AIM OF THE EXERCISE => Every record below needs to be written out exactly, apart from the pictures.

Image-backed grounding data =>

---------------

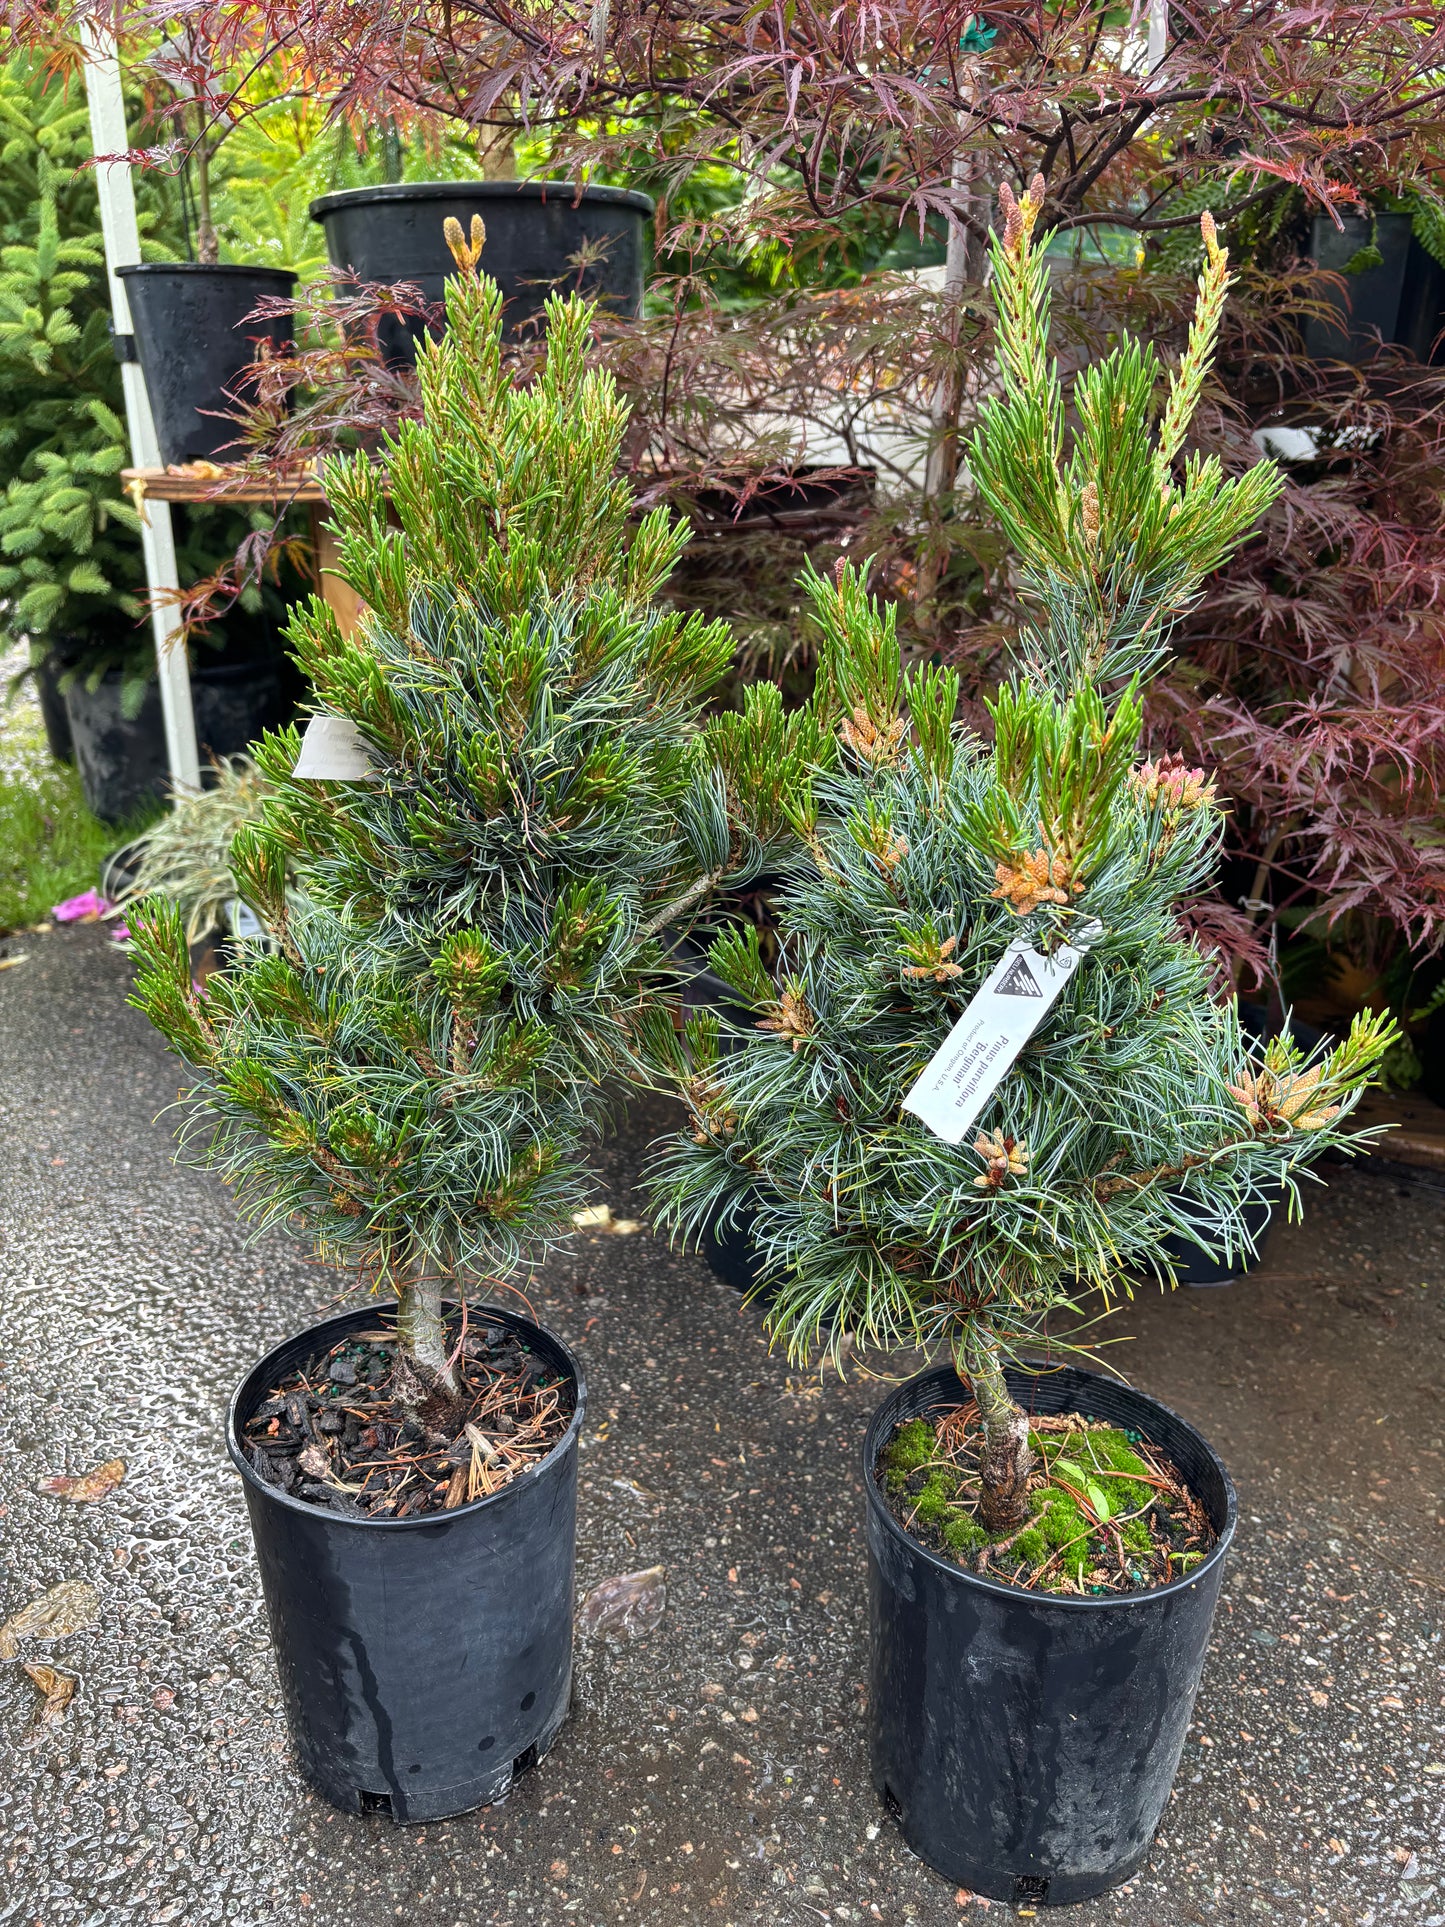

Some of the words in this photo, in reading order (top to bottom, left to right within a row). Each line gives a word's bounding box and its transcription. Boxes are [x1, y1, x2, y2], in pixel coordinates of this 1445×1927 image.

[1012, 957, 1023, 970] ISELI
[997, 969, 1015, 993] NURSERY
[967, 1019, 985, 1042] Product
[962, 1042, 967, 1050] of
[986, 1034, 1009, 1062] Pinus
[945, 1049, 964, 1071] Oregon,
[952, 1042, 988, 1088] 'Bergman'
[932, 1073, 948, 1091] U.S.A.
[955, 1060, 989, 1107] parviflora

---------------

TASK RESULT =>
Some of the words in this photo, in reading order (top to bottom, left to right within a row). Each line gives a word's bounding box and its transcription. Boxes are [x1, y1, x2, y2], in pixel coordinates of this 1445×1927 image.

[1012, 957, 1023, 970] ISELI
[997, 969, 1015, 993] NURSERY
[967, 1019, 985, 1042] Product
[962, 1042, 967, 1050] of
[986, 1034, 1009, 1062] Pinus
[945, 1049, 964, 1071] Oregon,
[952, 1042, 988, 1088] 'Bergman'
[932, 1073, 948, 1091] U.S.A.
[955, 1060, 989, 1107] parviflora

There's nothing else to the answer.